Sartori contends that the jury would have concluded that the officers’ accounts of the altercation were false had it not been distracted by the evidence of his criminal past. In Sartori’s view, the videotapes of the altercation, which the jury viewed, unambiguously show that the officers used excessive force. The videotapes are not that clear cut; to determine whether the officers used excessive force the videos needed to be explained and interpreted for the jury. The credibility of the witnesses narrating the videos was therefore central to the jury’s interpretation of that evidence.
Sartori’s credibility was substantially undermined by evidence other than the inadmissible arrests and misdemeanor conviction. For example, he admitted that he lied to the officers investigating the accident by telling them that his mother had been driving the' vehicle when it crashed. He also testified that he lied under oath during his deposition in this case. A reasonable jury, considering these admissions of dishonesty specifically concerning details of the altercation in question, had ample reason not to credit Sartori’s version of events. We cannot say that admitting evidence of Sartori’s arrests and misdemeanor conviction caused substantial prejudice. See id,
2. The district court did not abuse its discretion by admitting the prosecutor’s testimony concerning her decision to bring criminal charges against Sartori. Sartori asserted a claim for malicious prosecution against the officers, and they were permitted to defend against that claim by presenting evidence showing that the prosecutor made an independent determination that probable cause existed to bring the criminal charges. See Lucero v. Stewart, 892 F.2d 52, 54-55 (9th Cir. 1989).
The prosecutor should not have been permitted to testify that she found the officers’ version of events credible, but Sartori did not contemporaneously object to questions on that topic. For this reason, a new trial is not warranted on the ground that the district court abused its discretion by failing to strike the testimony sua sponte. See Kelly v. City of Oakland, 198 F.3d 779, 786 (9th Cir. 1999).
3. The jury properly rejected Sar-tori’s claim that the officers violated the Fourth Amendment by entering his property through a locked gate leading to the stairwell. The jury necessarily found that the gate was unlocked because the court instructed the jury that, in order to find that Sartori’s Fourth Amendment rights were violated, it had to find that the gate was locked when the officers entered the stairwell. Sufficient evidence supported the jury’s finding on that issue.

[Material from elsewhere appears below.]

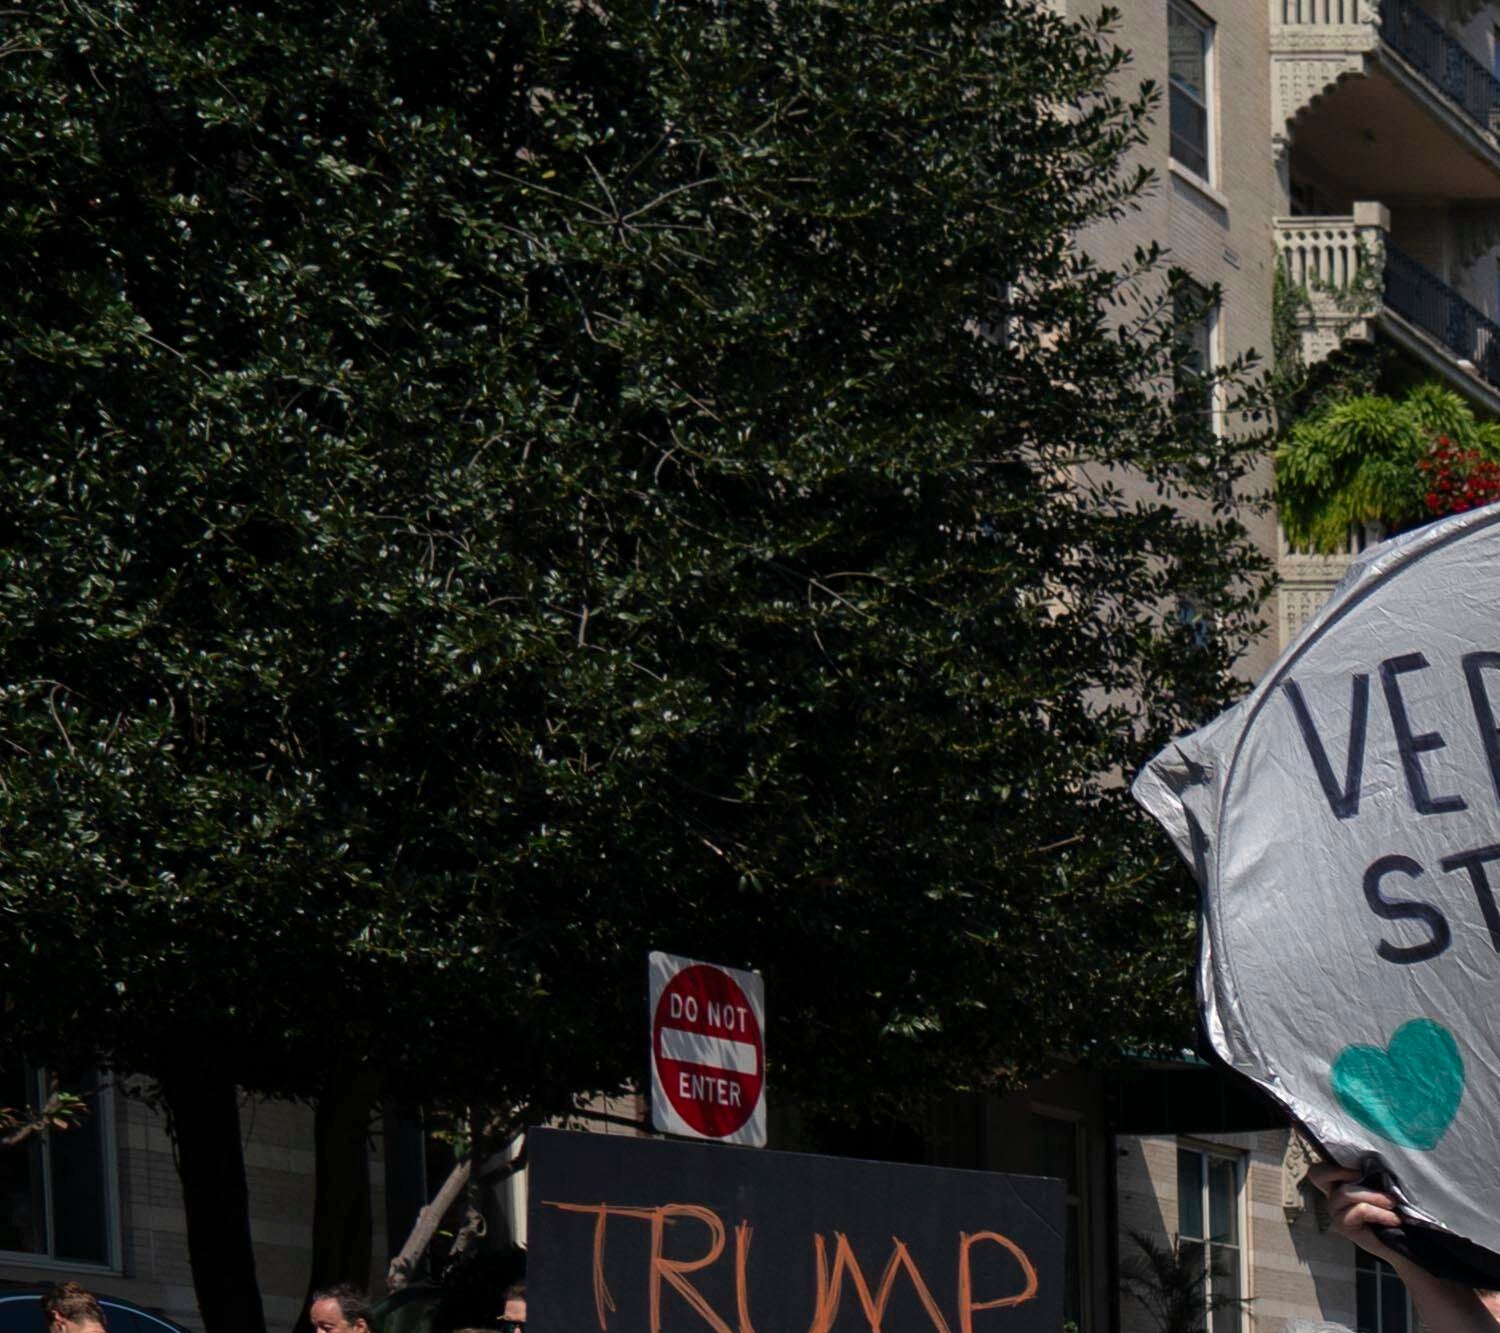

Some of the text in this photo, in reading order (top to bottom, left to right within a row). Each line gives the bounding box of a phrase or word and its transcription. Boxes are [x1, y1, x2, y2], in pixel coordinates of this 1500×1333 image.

[671, 993, 747, 1033] DO NOT
[679, 1072, 741, 1107] ENTER

Sufficient evidence also supported the conclusion that the defendants were engaged in a permissible “knock and talk” after they entered the property through the unlocked gate. An officer initiating a legally permissible knock and talk may [683]*683approach any part of the building where uninvited visitors could be expected. See United States v. Perea-Rey, 680 F.3d 1179, 1188 (9th Cir. 2012). The officers, like other uninvited visitors, were permitted to enter the property through the unlocked gate to initiate a knock and talk.
4. The district court did not abuse its discretion by excluding evidence of a general “code of silence” among members of the Los Angeles County Sheriffs Department. Sartori failed to identify any evidence connecting the purported code of silence to the specific officers who testified in this case. And in light of Sartori’s repeated admissions of dishonesty during trial, it is unlikely that the outcome of the trial would have been different had this evidence been admitted. See Harper, 583 F.3d at 1030.
AFFIRMED.
This disposition is not appropriate for publication and is not precedent except as provided by Ninth Circuit Rule 36-3.